Actually, it’s a morning mug. A big mug. John and I both like a mug with a handle big enough to get four fingers around, with the thumb for balance. We have a shelf full of them; the one I’m using now is a “John” mug, since it has rifles on it.
I don’t generally drink my morning cup out of a mug with rifles on it. The ones I think of as “mine” are one from Elfreth’s Alley in Philadelphia, and one I scarfed up from a friend’s office some years ago, which carries the logo of a indoor plant servicing company. We have others, but I consider them joint property.
I’d like to think of myself as a fairly laid-back person, but I get a bit squirrelly about my morning cup. To begin with, I don’t use teabags. I got hooked on loose tea a couple years ago when I started patronizing a small local shop called “Coffee Caboodle,” which carried a line of coffee beans and tea leaves, and had a knowledgeable staff to tell you about them.
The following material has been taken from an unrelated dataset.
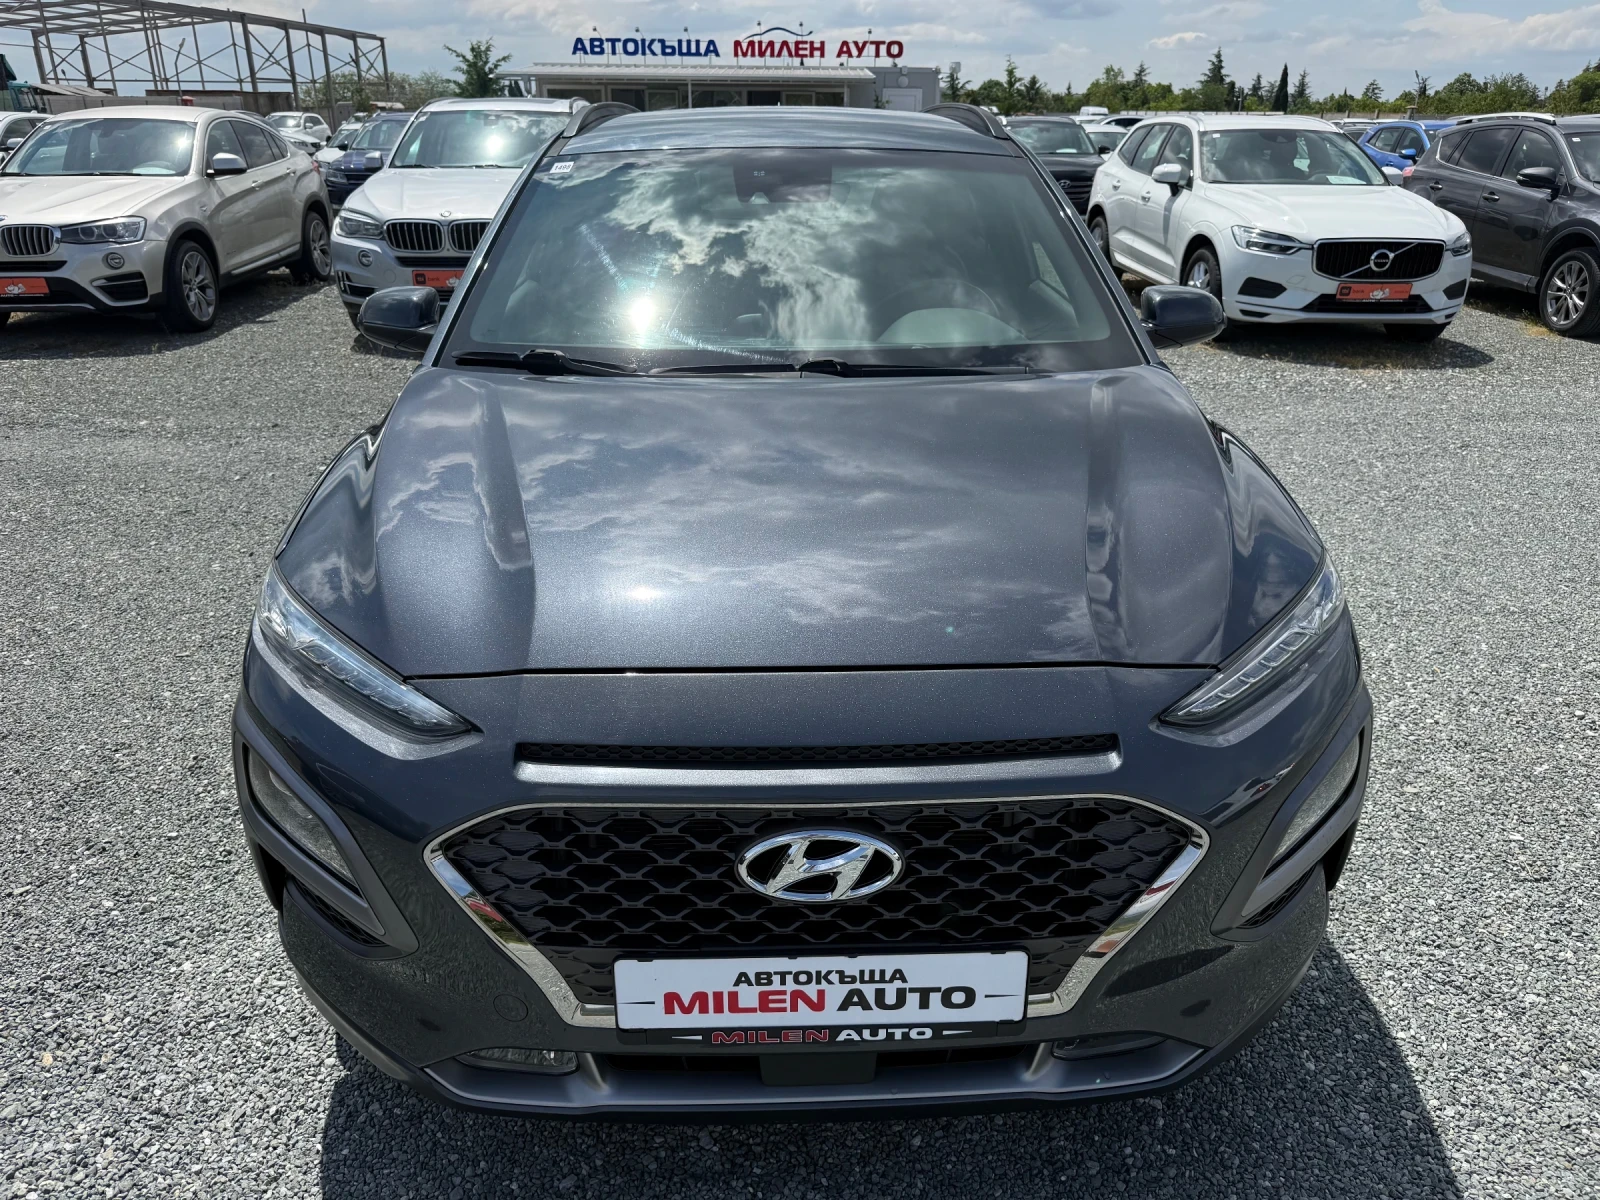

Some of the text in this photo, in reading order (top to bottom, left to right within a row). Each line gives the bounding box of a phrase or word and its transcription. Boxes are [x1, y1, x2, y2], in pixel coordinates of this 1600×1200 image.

[733, 39, 825, 58] МИЛЕН
[836, 39, 904, 58] АУТО
[663, 985, 976, 1015] MILEN AUTO
[711, 1027, 933, 1044] MILEN AUTO
Since I drink my tea with milk and therefore like a rather brawny brew, they recommended a black Nilgiri tea (called “Tiger Hill”). I also bought an odd little plastic tea strainer, which is lined with a filtering fabric rather than being perforated. I bought a second one because I liked the first so much; I left the second one by accident in the Arden Theatre’s artist housing back in January, and have been mourning it since. I can’t buy a new one because the Coffee Caboodle closed up – although happily, another local shop in the same center now carries the line of coffees and teas, although not the accoutrements.
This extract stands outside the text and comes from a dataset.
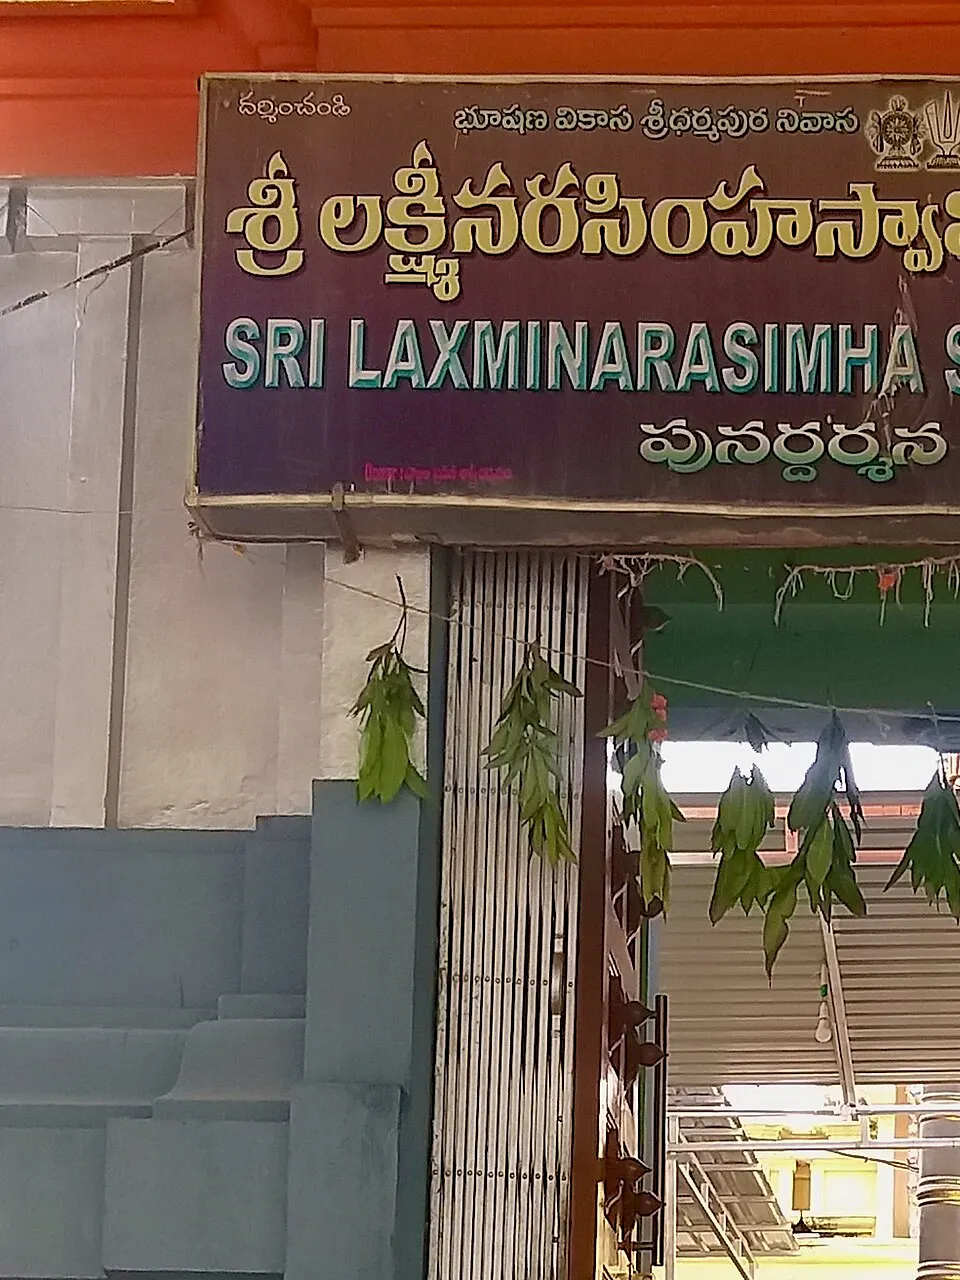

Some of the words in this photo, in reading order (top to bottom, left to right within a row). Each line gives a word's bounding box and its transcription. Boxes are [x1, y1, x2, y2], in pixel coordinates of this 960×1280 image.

I have taken my morning cup with milk and sugar since I started drinking tea as a teenager. Time and weight have forced me to amend my habits slightly; I drink two percent milk and use an artificial sweetener now. I hate those little paper sweetner packets, and was overjoyed to find that Equal manufactures their chemical sweetener in pill form, and it comes in a clever little container where you press a button to open a little slot in the bottom so the pills drop out (I was horrified the last time I bought the stuff to see that they’ve remodeled the packaging – it now has a lid you have to LIFT to get the pills out. In a terror of new technology, I bought out that store’s stock of the push-button containers).
To begin the tea-making process, I add fresh water to my dark blue teakettle and put it on the stove with a medium-high flame. It usually boils within two minutes; I don’t like it to boil much longer since supposedly this concentrates the lead in tap water. I could use bottled water but I’m not that persnickety (yet). While the water is heating, I use a demitasse spoon to measure out two heaping spoonfuls of the Nilgiri, which lives in a blue and white ceramic jar with a tight-fitting lid. A demitasse spoon probably sounds la-di-dah, but it’s exactly the right size, and how often are you going to use a demitasse spoon, otherwise? The tea goes into the orange plastic strainer, which is snapped shut and put into the tea mug. Two of the little Equal pills follow (they go in before the water, since I find that they melt completely that way, with no stirring). When the water comes to the boil, I fill up the cup (adding a bit extra to allow for the loose tea leaves’ sponge effect) and then go away for a couple of minutes.
If I’ve timed the brewing process correctly, when I return the tea will have cooled just enough so that the addition of the milk brings it to drinking temperature – hot, but not hot enough to scald. A good splash of milk (about a quarter cup) mellows the dark tea flavor perfectly. The used tea leaves go into my compost pail, which eventually gets toted out to the composter in the back yard and dumped (which reminds me, the pail is currently growing penicillin, so it’s past time for it to be dumped). The rinsed strainer is put on the edge of the sink to dry. The tea carried to either the office and the computer (to be slurped happily as I check my morning email), or to the television, if the skies outside look interesting enough to make a look at the Weather Channel a necessity.
The sad thing is that I’ve grown tetchy enough about my morning tea to actually carry a baggie of Nilgiri, my Equal pills and my strainer with me when I travel (“oh, here comes weird Aunt Donna with her tea, again”). When I’m doing a show, I also have those items, as well as an electric teakettle, stowed in my dressing room. Tea water can’t just be hot, it has to be boiling, which is why I usually don’t care to drink tea in restaurants – the water has usually just been sitting on a burner somewhere, concentrating its lead and getting a flat, dull taste. If I have a second cup at home, I empty out the teakettle and fill it with fresh water before starting the process again – no warmed-over water.
There are mornings when I wake up and absolutely crave that first cup – not just the taste and the warmth of it, but the regimen that goes along with it. With my erratic schedule, very little is the same from day to day, but at least my morning tea-making begins my day with a certain order. If I can make my tea the same way, every morning, then I feel like I’m in control of the rest of my day. Habit is a comforting thing, and if the results are a flavorsome mug of sweet, milky tea, so much the better.